Transcribe every record as it stands and set the images aside.

-- Supplied records --
╔══

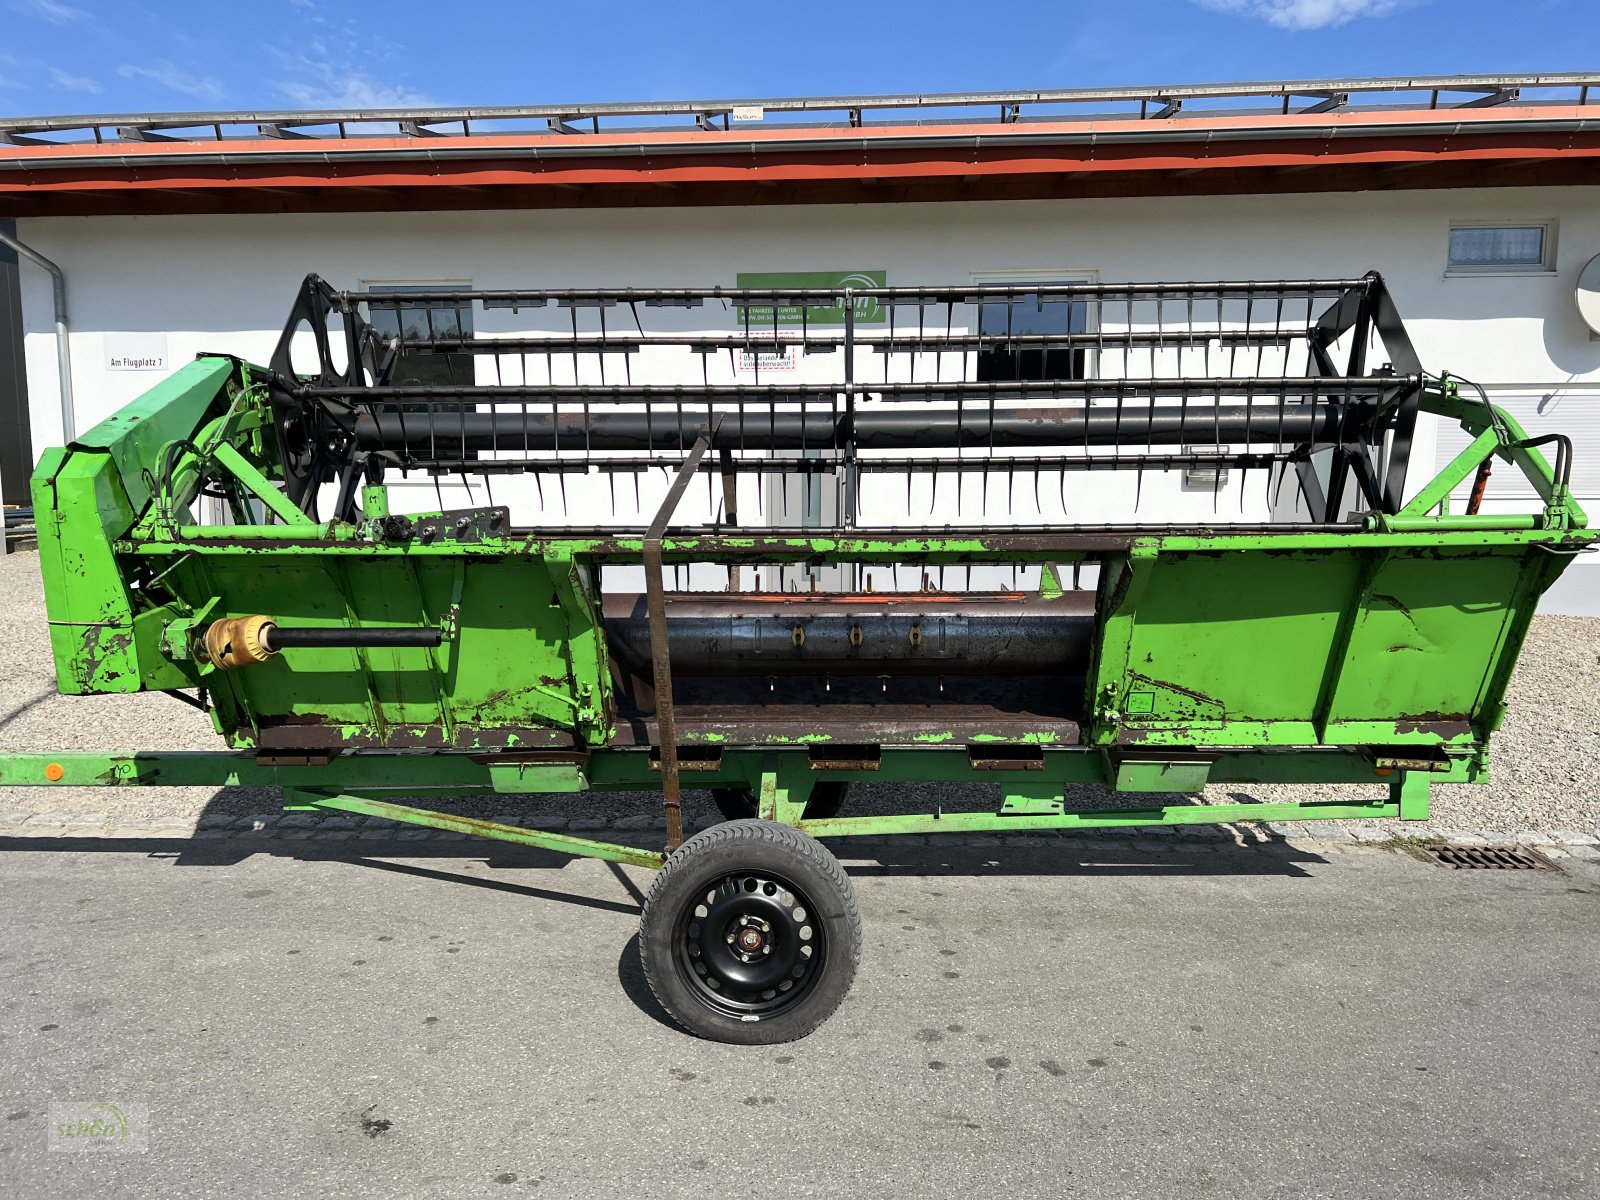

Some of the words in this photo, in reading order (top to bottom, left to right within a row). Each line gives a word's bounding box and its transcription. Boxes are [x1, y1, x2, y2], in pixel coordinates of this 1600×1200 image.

[110, 358, 122, 366] Am
[123, 358, 156, 368] Flugplatz
[158, 358, 163, 366] 7
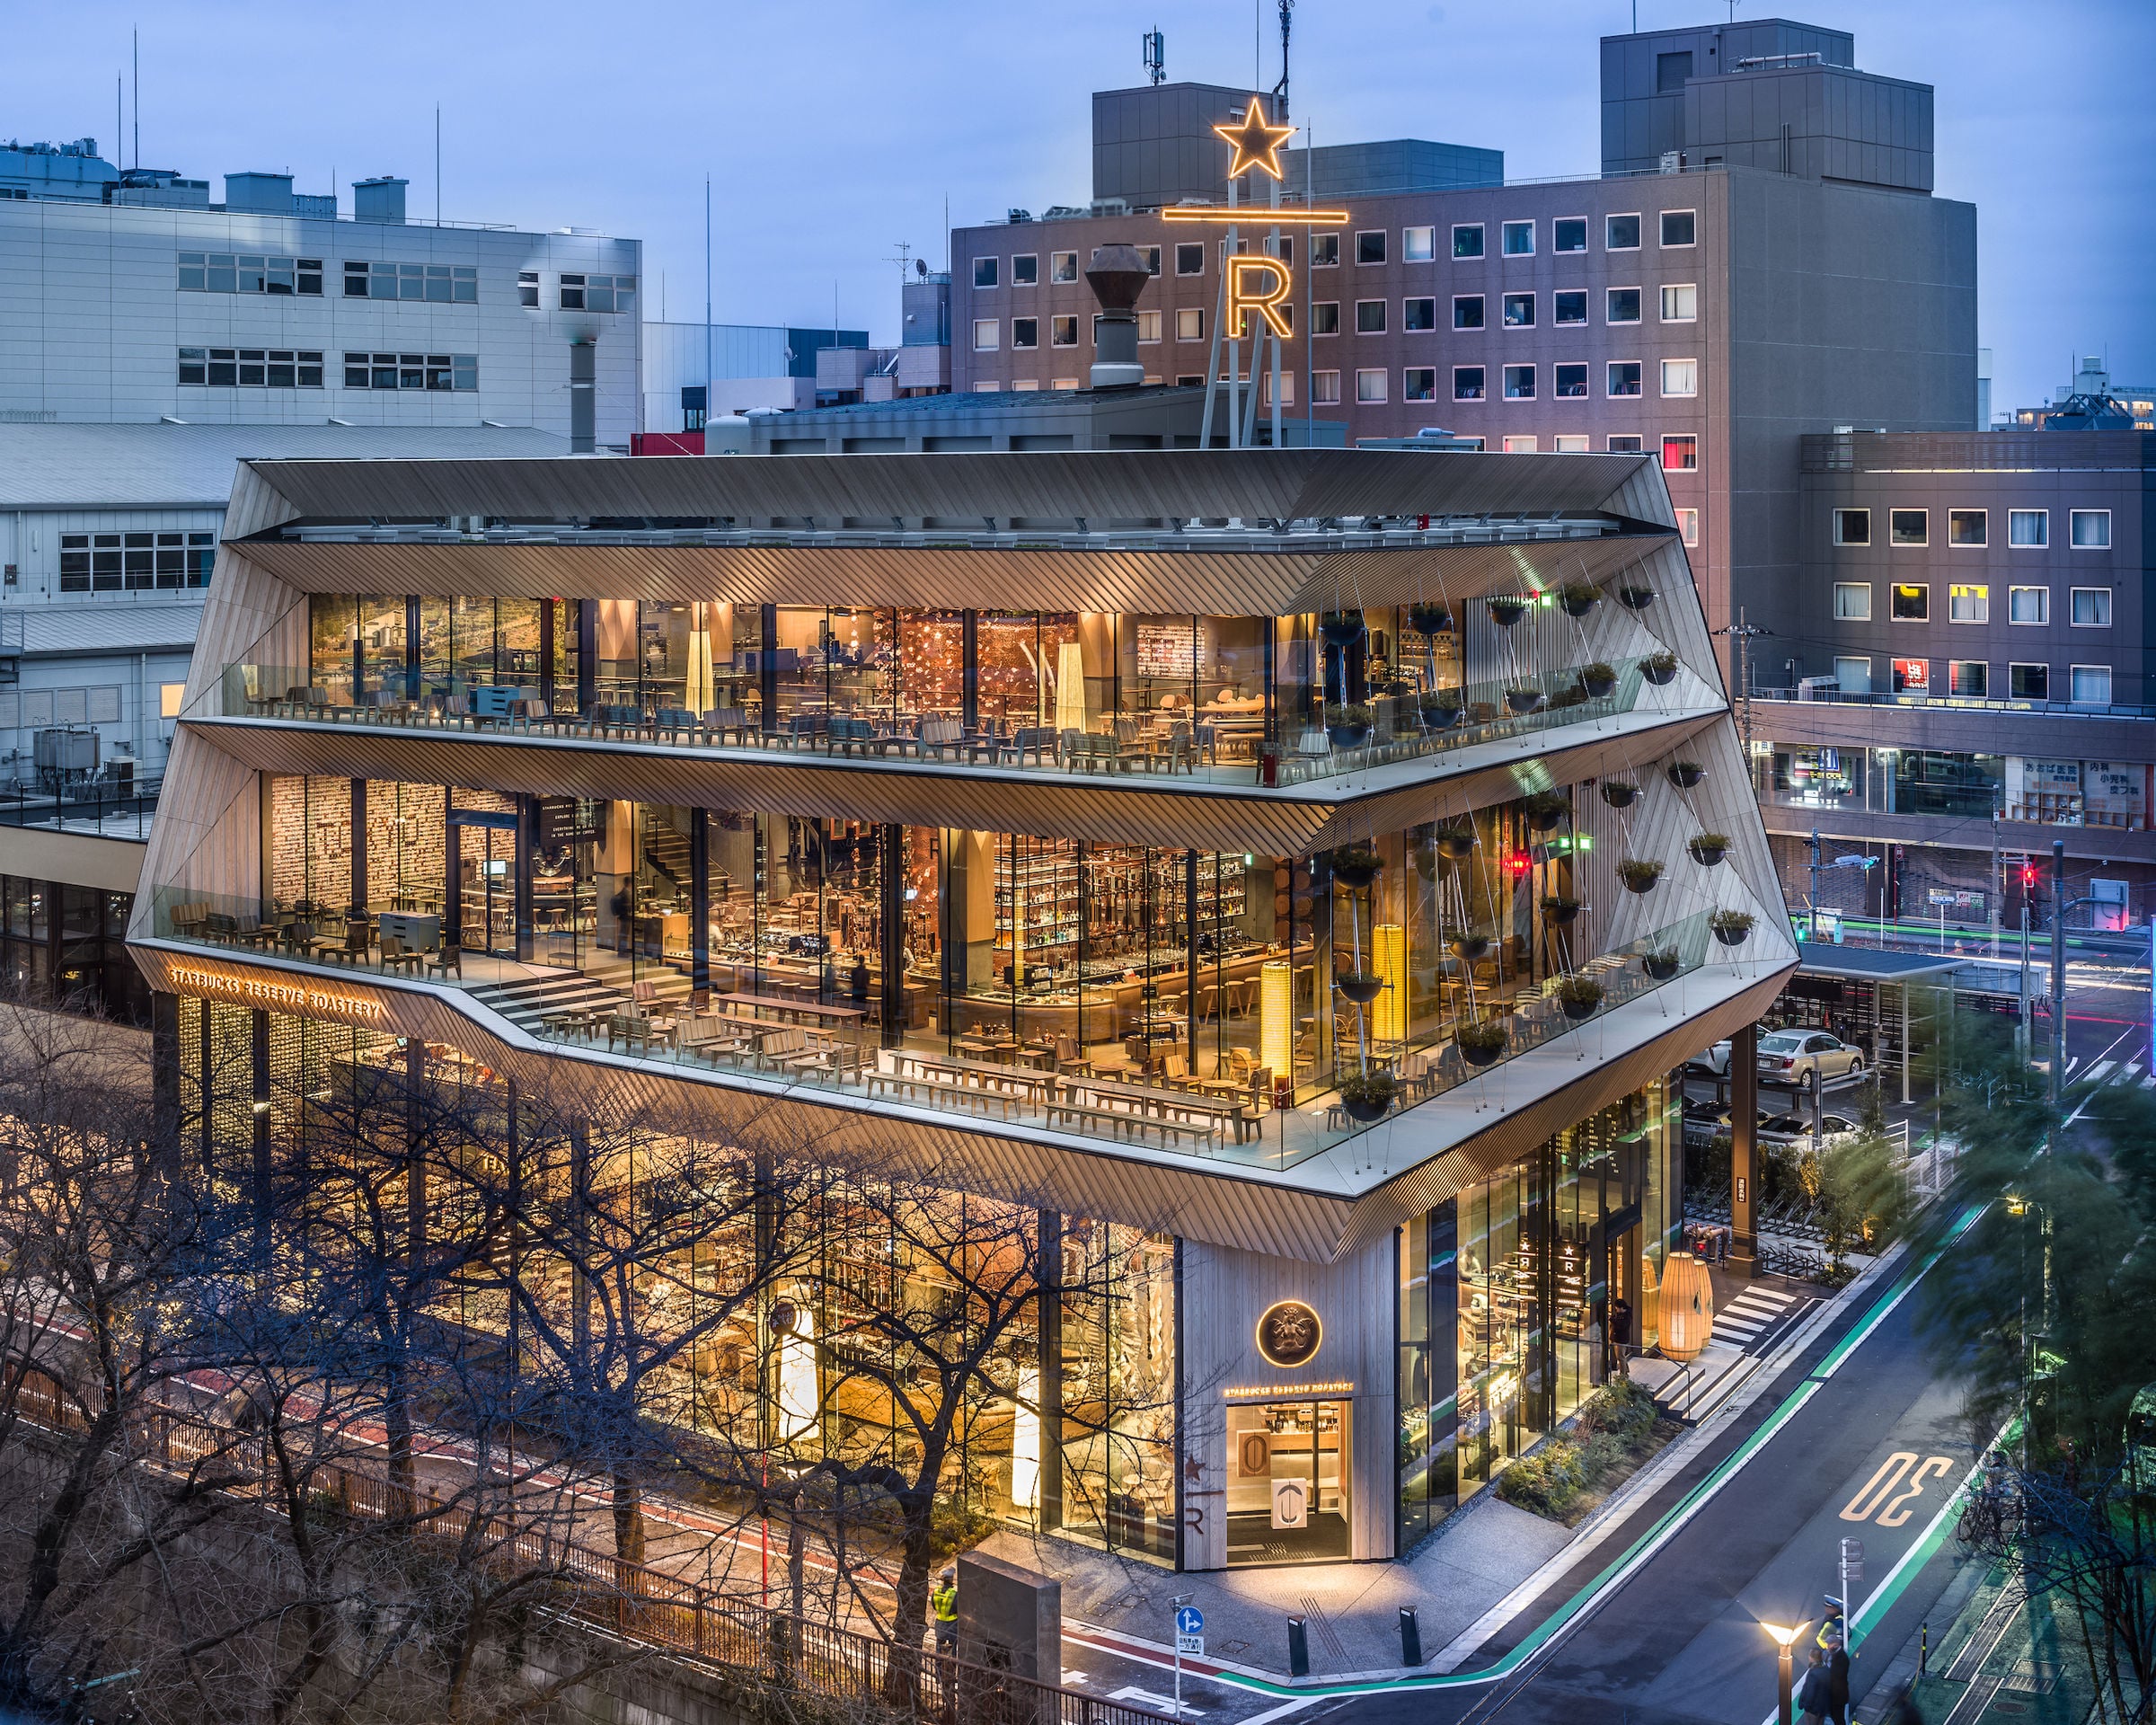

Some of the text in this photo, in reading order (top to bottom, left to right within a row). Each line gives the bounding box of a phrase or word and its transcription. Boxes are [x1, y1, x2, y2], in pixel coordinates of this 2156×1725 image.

[1228, 256, 1293, 338] R
[2026, 763, 2077, 774] あおば医院
[2090, 762, 2109, 772] 内科
[2100, 774, 2128, 783] 小児科
[169, 968, 382, 1019] STARBUCKS RESERVE ROASTERY
[1565, 1261, 1574, 1271] R
[1224, 1382, 1354, 1397] STARBUCKS RESERVE ROASTERY
[1839, 1452, 1955, 1526] 30

╚══

-- The answer --
Some of the words in this photo, in reading order (top to bottom, left to right within a row). Each line gives a word's bounding box and its transcription. Boxes are [x1, y1, x2, y2], in pixel coordinates of this 1600×1200 image.

[110, 358, 122, 366] Am
[123, 358, 156, 368] Flugplatz
[158, 358, 163, 366] 7

Some of the text in this photo, in reading order (top to bottom, left to right within a row). Each line gives the bounding box of a phrase or word and its transcription. Boxes are [x1, y1, x2, y2], in pixel coordinates of this 2156×1725 image.

[1228, 256, 1293, 338] R
[2026, 763, 2077, 774] あおば医院
[2090, 762, 2109, 772] 内科
[2100, 774, 2128, 783] 小児科
[169, 968, 382, 1019] STARBUCKS RESERVE ROASTERY
[1565, 1261, 1574, 1271] R
[1224, 1382, 1354, 1397] STARBUCKS RESERVE ROASTERY
[1839, 1452, 1955, 1526] 30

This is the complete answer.